To use a stretched metaphor, the world economy with its structural problems is like plane with misconfigured wings. If they try to take off (reach full employment in the developed world), once it gets more than 10 feet off the ground and into the open air, it doesn't have sufficient thrust to stay up, and comes crashing back down to the ground. TPTB have decided to just keep the plane rolling along the ground for now.
Also, what about the EMU? Obviously the Eurozone has serious problems, given its unfortunate institutional set up. Individual states are fiscally constrained in ways that seem likely to by highly pro-cyclical in the downturn. E.g., no federal (EU) level debt instrument; its culture (the fact that the EU is already talking up the interest rate on Greece's debt and publicly attacking for its deficit), etc.
I don't really know a whole lot about the EU, but I'm not a fan of the ECB, and a lot of the policies seem highly questionable (skewed towards German interests, excessively hawkish). In their defense, it seems as though the crisis caught them at a particularly bad time, with Spain & co. in the union, but not yet having made the structural adjustments that would allow them to properly integrate. The other question is of optimal currency zones - whether or not certain countries should even be in the Union in the first place.
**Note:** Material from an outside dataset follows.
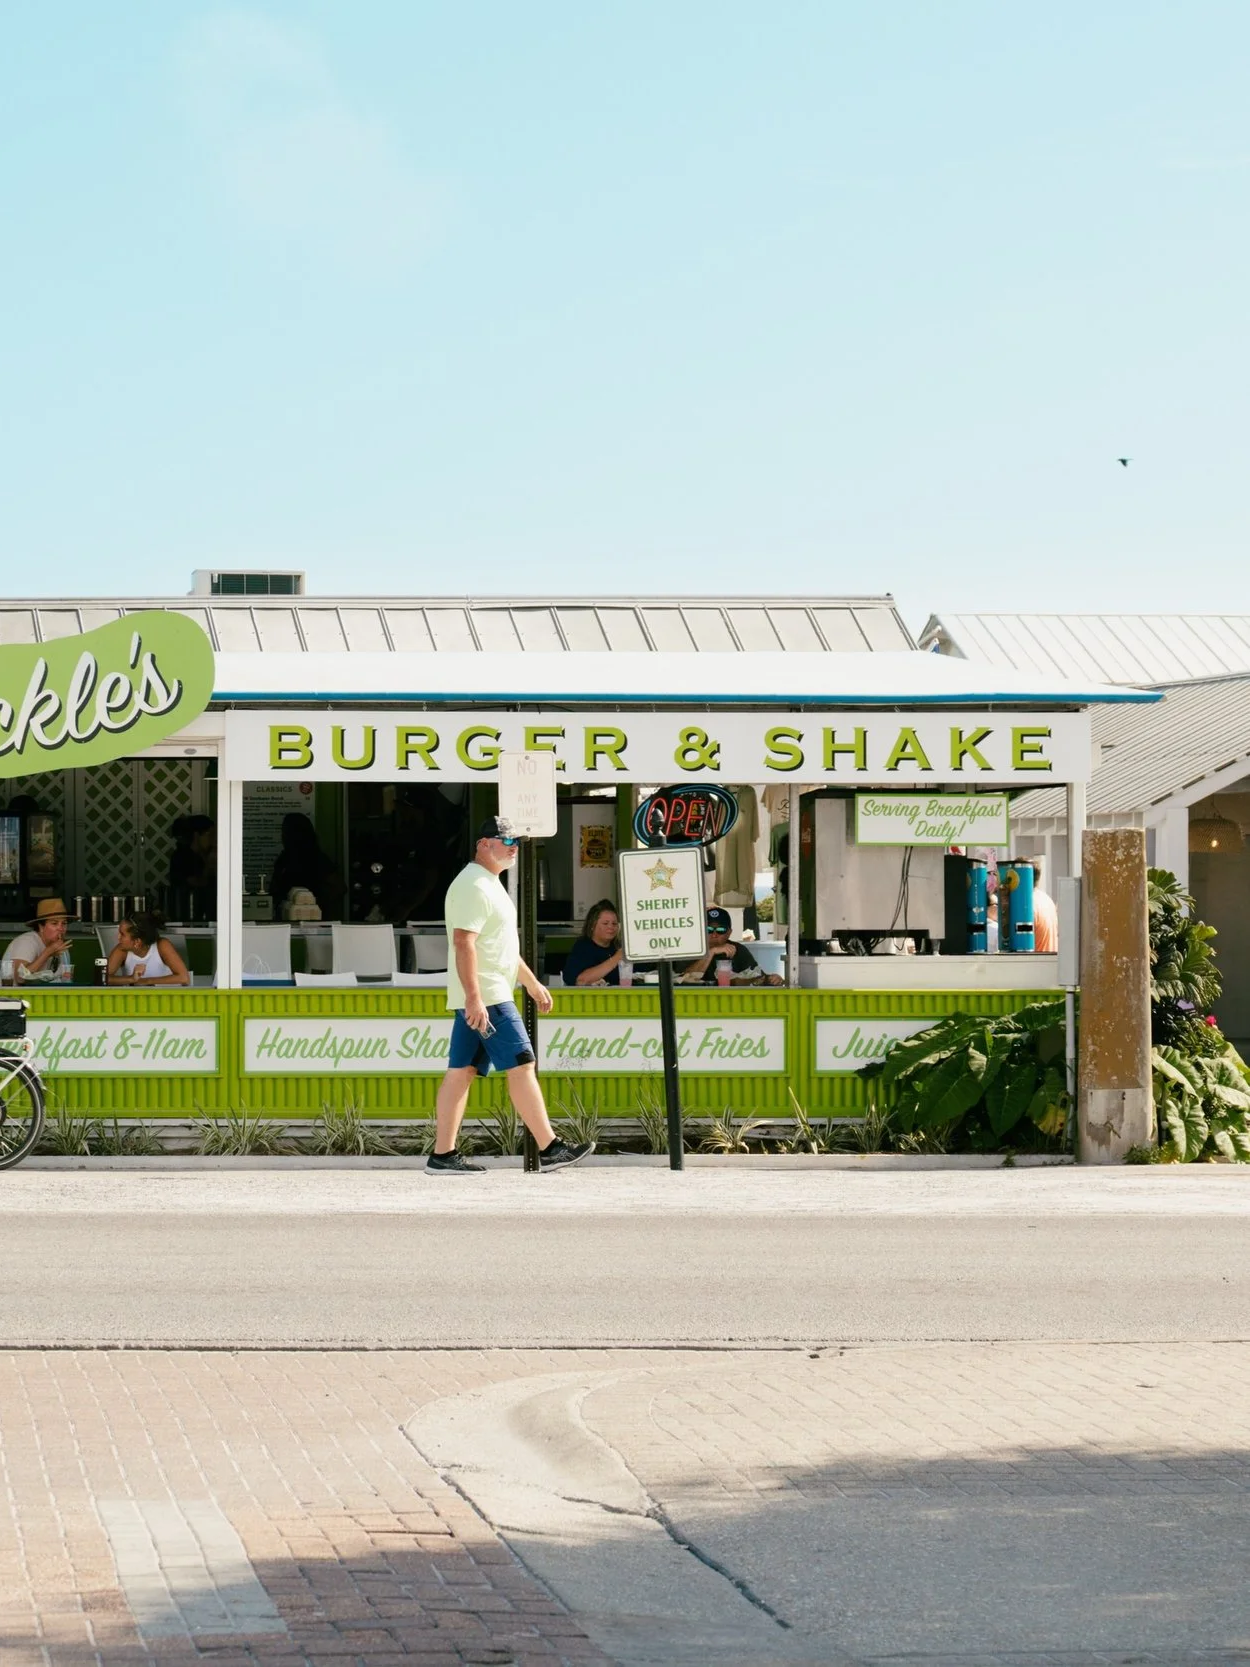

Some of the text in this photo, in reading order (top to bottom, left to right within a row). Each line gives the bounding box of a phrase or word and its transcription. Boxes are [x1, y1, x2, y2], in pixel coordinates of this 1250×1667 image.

I think that Roubini over-plays the benefits, and also over-plays the dangers of default & devaluation. I'm not sure what the internal labor mobility dynamics in the EU are like, but as it stands now, I assume that the standard solution would be for southerners (Portugal, Italy, Spain, Greece) to start moving north en masse. I don't know a whole lot about the situation, but my guess is that it would probably be better for Spain, Ireland etc. to exit the Union. If the EU became a full-fledged country, issuing debt, etc. it might be OK to stay in, but right now it seems like they are caught in an untenable middle-ground, and I would rather not sacrifice real output right now for some nebulous gains 20 years down the road.
If you add Japan to the picture, it probably looks like high unemployment and persistent shortfalls of AD in all major economies. Where is the growth going to come from? There is little private sector demand for credit and so monetary policy is moving the yield curve about but not stimulating much recovery. That leaves government spending, incorporating the surplus states, but that is not likely to happen.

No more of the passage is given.